Era esto precisamente
lo que me hacía recordar su nombre con pulso desbocado. Estuvo implicado en un
evento que ocurrió en el recital/ duelo entre
Antonio Cisneros y Jorge Pimentel.
Fue el hombre del
disparo.
Según la versión “oficial”
Alberto Colán, disfrazado de agente de la CIA, disparó con un arma de fogueo a
Pimentel. Coco, como lo llama de cariño Colán, llevaba un tomate escondido en
el bolsillo de su camisa y, después del estruendo, cayó al suelo fingiendo un desmayo.
Y, bueno, también
recordaba alguno de sus poemas anarcos que aparecen con realismo mágico (según
Colán nadie le avisa donde ni cómo se publican) en antologías y revistas. Los
recordaba poco, como un punk perdido en la memoria.
Quizá para los
estudiosos de la literatura esto les parezca una mera anécdota, pero para los
fans (me considero uno) de la poesía cada anécdota inflama más la curiosidad,
ese morbo medio friki de querer saber todos los “detalles”. ¿No te bacilaría,
aunque fuera secundario, saber más de la vida de tu poeta tótem, de tu poeta
top, por ejemplo? Bien.
Explicado esto y lo
otro, se entiende mi grado de casi detective salvaje haciéndole un
interrogatorio al ya sexagenario poeta horazeriano.
Bajamos por la calle
luminosa de la Avenida Venezuela. Alberto Colán nos quiere invitar unas chelas.

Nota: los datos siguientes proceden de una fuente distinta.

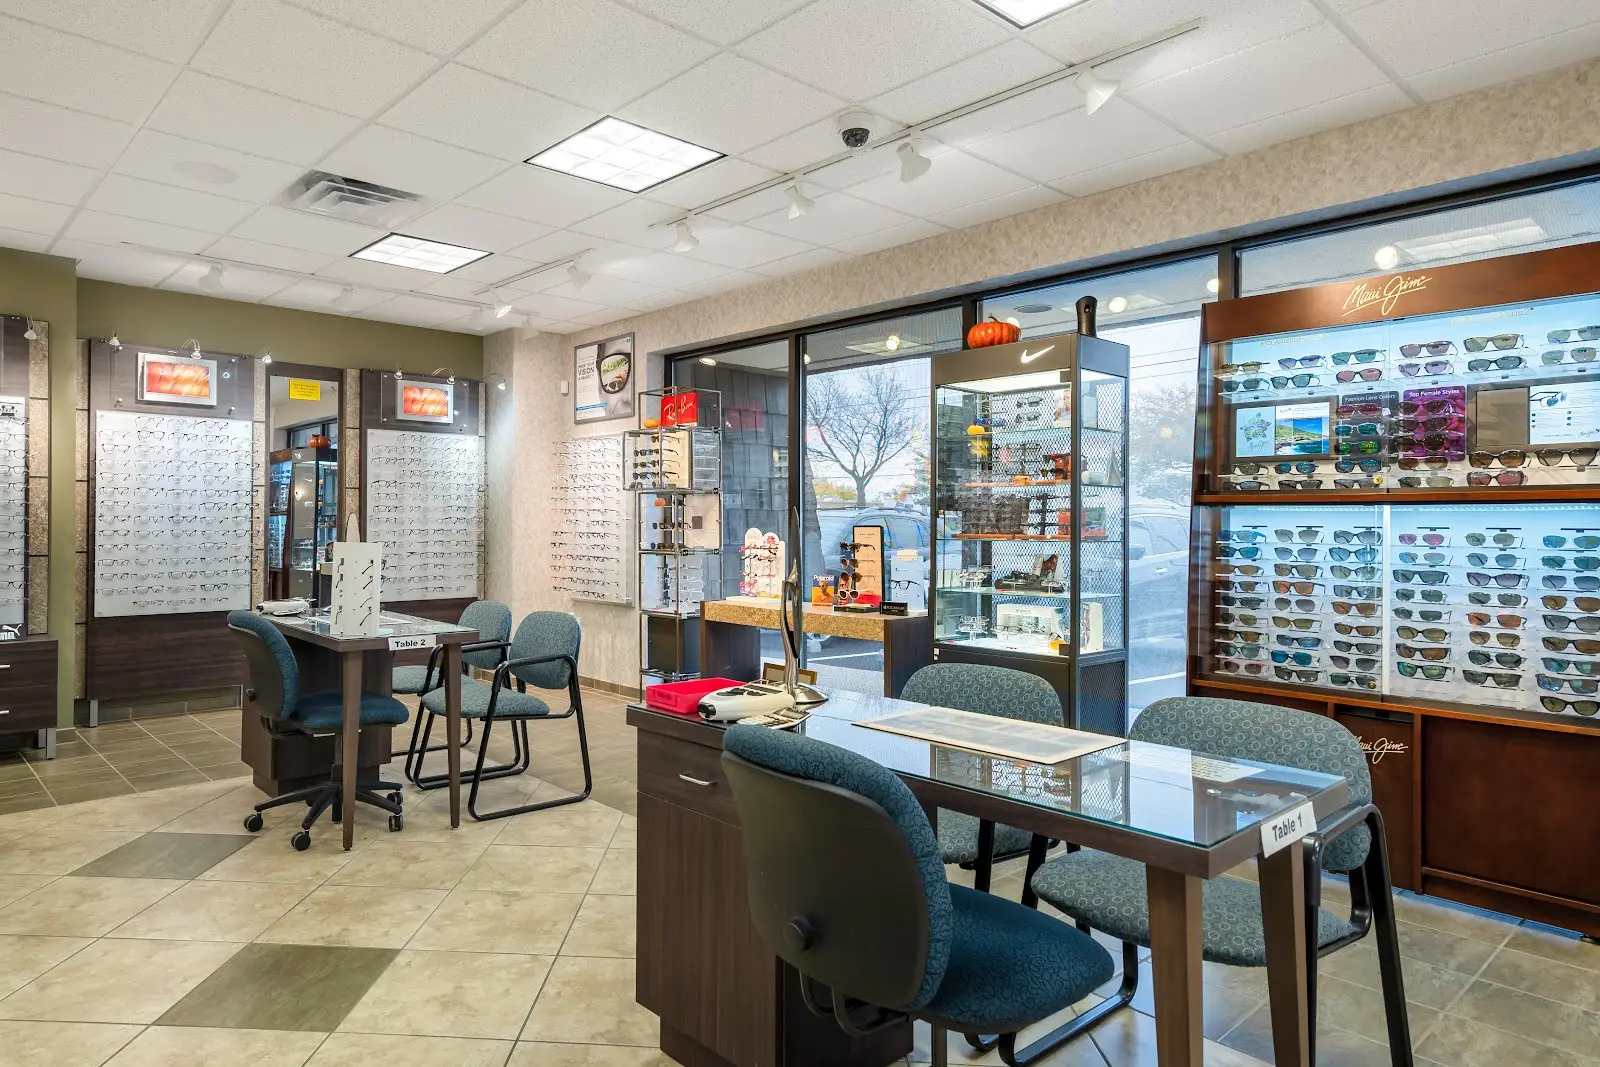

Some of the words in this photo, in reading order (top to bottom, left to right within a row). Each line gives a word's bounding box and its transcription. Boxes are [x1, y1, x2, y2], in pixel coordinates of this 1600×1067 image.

[1342, 283, 1380, 310] Maui
[1382, 275, 1432, 316] Jim
[1344, 395, 1365, 403] Fashion
[1378, 393, 1396, 401] Colors
[1420, 389, 1441, 397] Female
[1442, 388, 1460, 396] Styles
[663, 395, 694, 421] Ra-Ban
[394, 639, 418, 648] Table
[420, 638, 426, 646] 2
[1372, 737, 1409, 765] Jim
[1271, 817, 1296, 842] Table
[1297, 811, 1303, 829] 1

Pese a su edad sigue tomando con silenciosamente frecuencia una que otra
cerveza como para recordar el amor. Recuerda las noches donde caminaba con los
horazerianos, especialmente con Juanra y Coco hablando no solo de poesía, sino
de mujeres, hueviando, riendo, molestándose. Eran unos poetas que lateaban por Lima.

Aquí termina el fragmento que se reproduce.